Entries supplied =
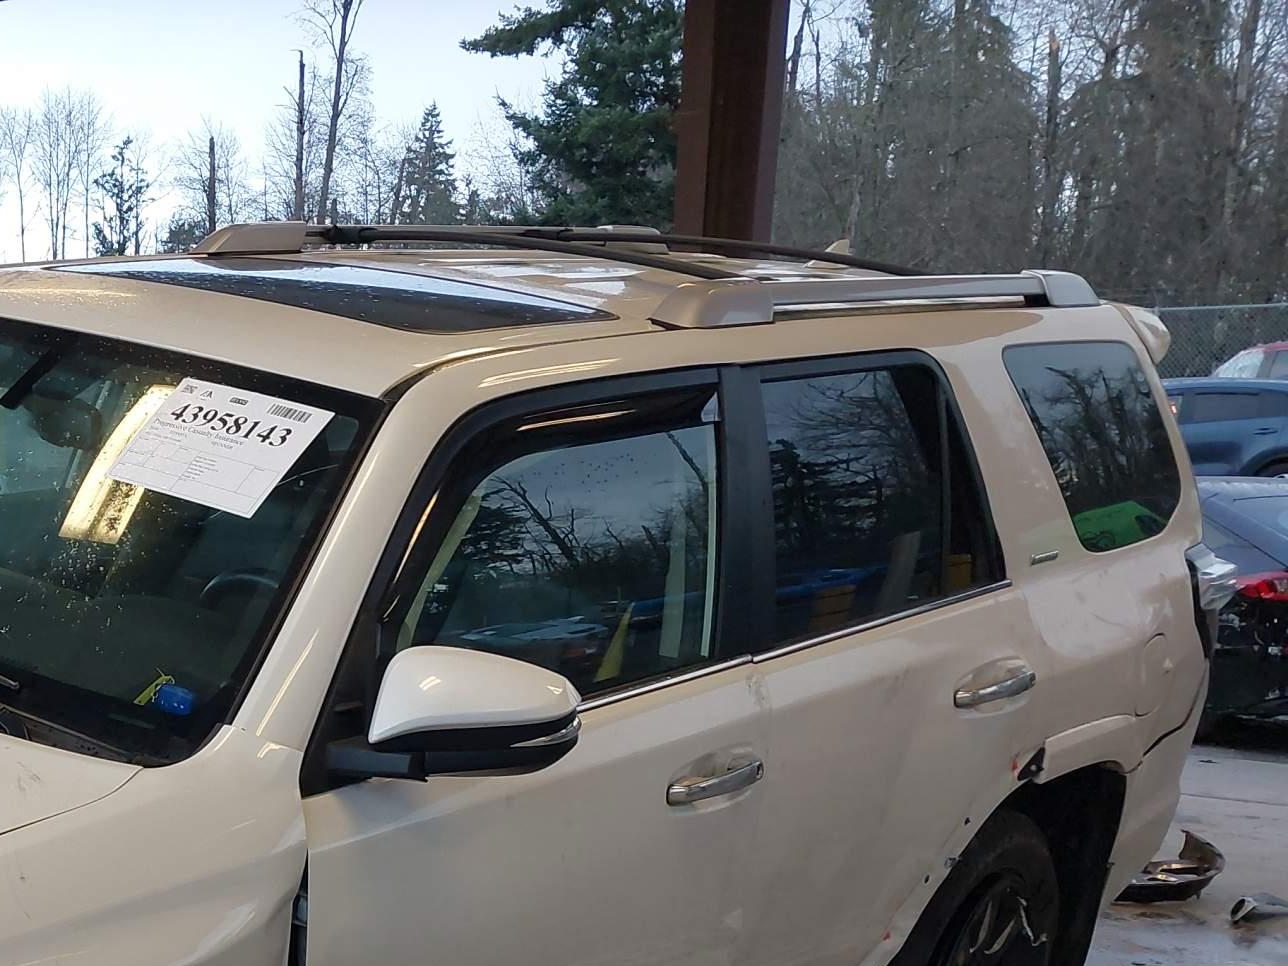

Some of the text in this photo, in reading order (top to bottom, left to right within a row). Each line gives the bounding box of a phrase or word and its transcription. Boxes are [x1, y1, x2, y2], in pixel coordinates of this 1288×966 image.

[153, 417, 188, 432] Progressive
[187, 425, 213, 440] Casualty
[214, 431, 245, 446] Insurance
[170, 403, 293, 447] 43958143
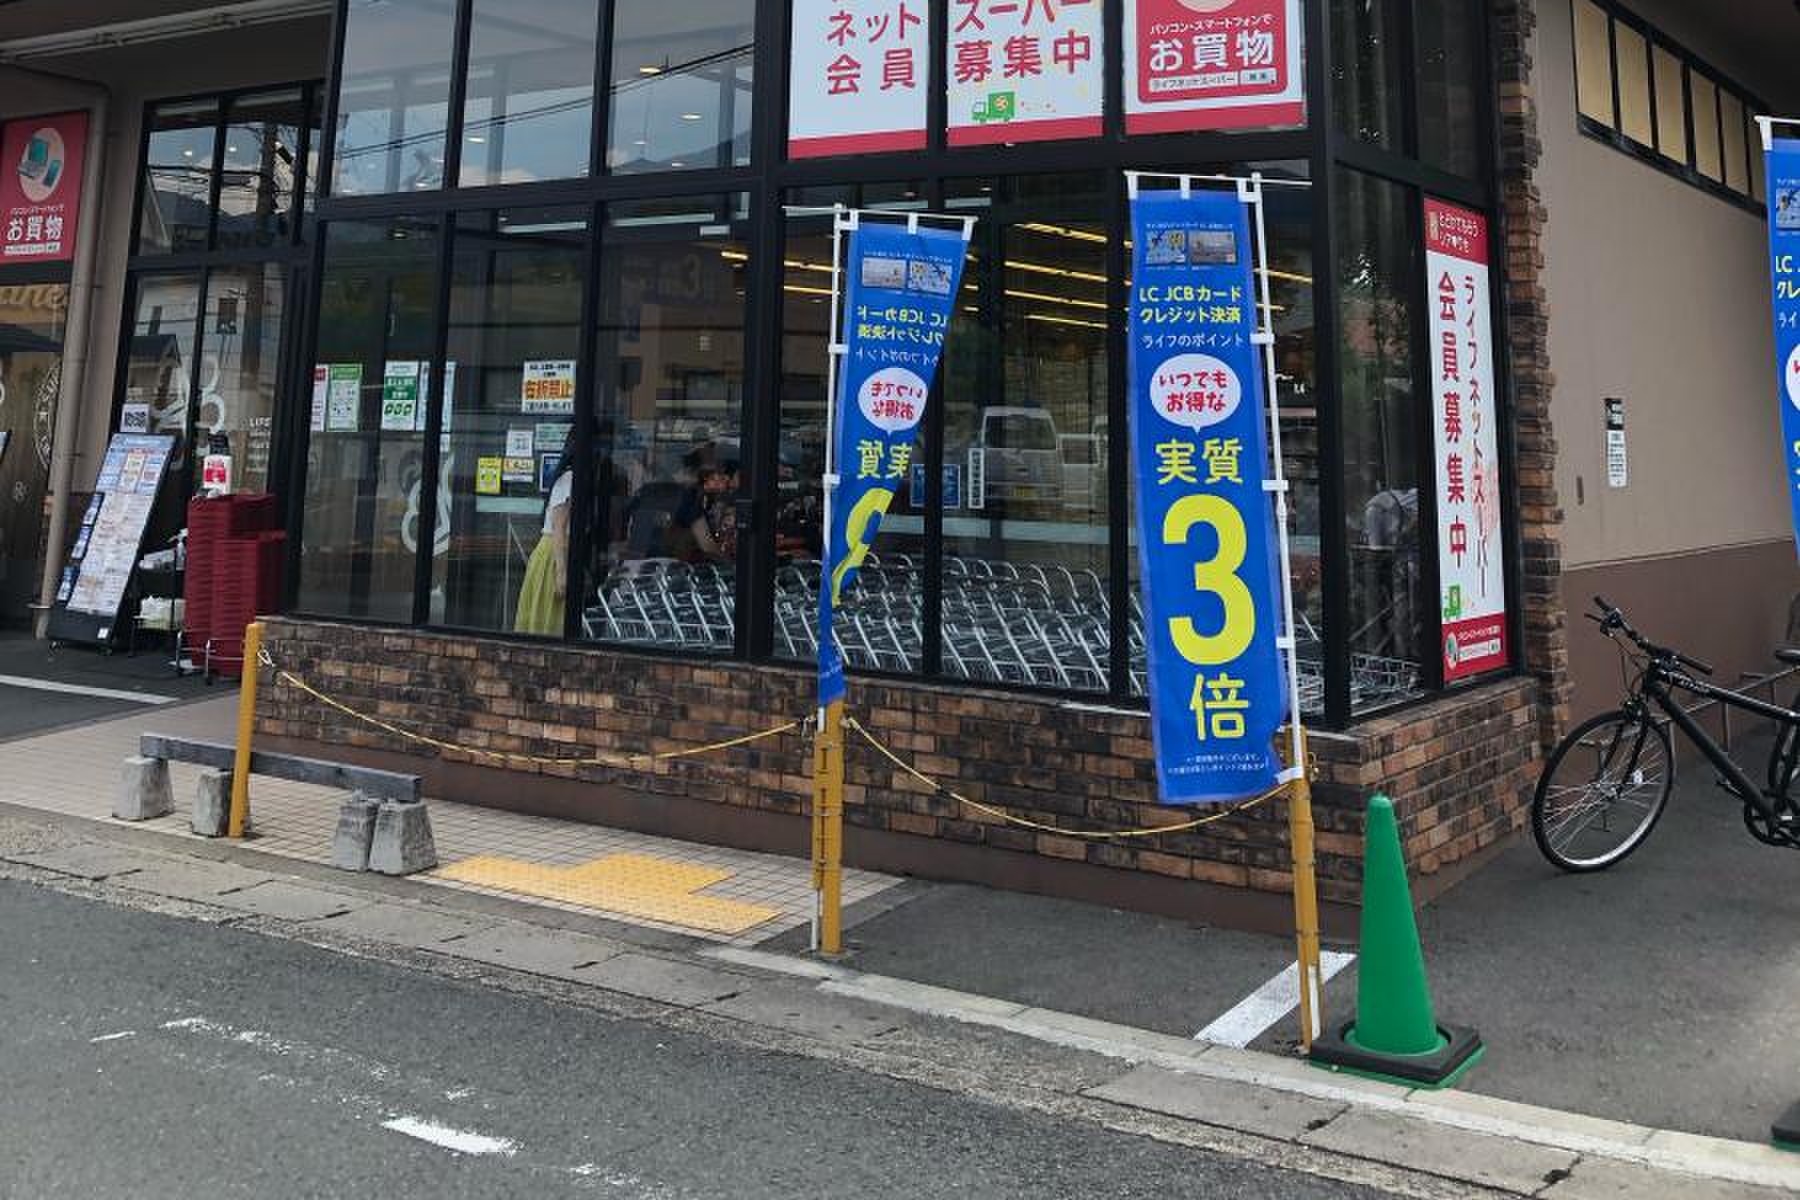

Instructions to follow =
Every line of the material should be repeated precisely; pictures are to be excluded.

Output below =
Some of the text in this photo, in reading order (top to bottom, left to right within a row). Each line gives the bounding box of a phrase or word and its transcription. Boxes are [x1, y1, x2, y2], in pixel coordinates of this 1288×966 image.

[153, 417, 188, 432] Progressive
[187, 425, 213, 440] Casualty
[214, 431, 245, 446] Insurance
[170, 403, 293, 447] 43958143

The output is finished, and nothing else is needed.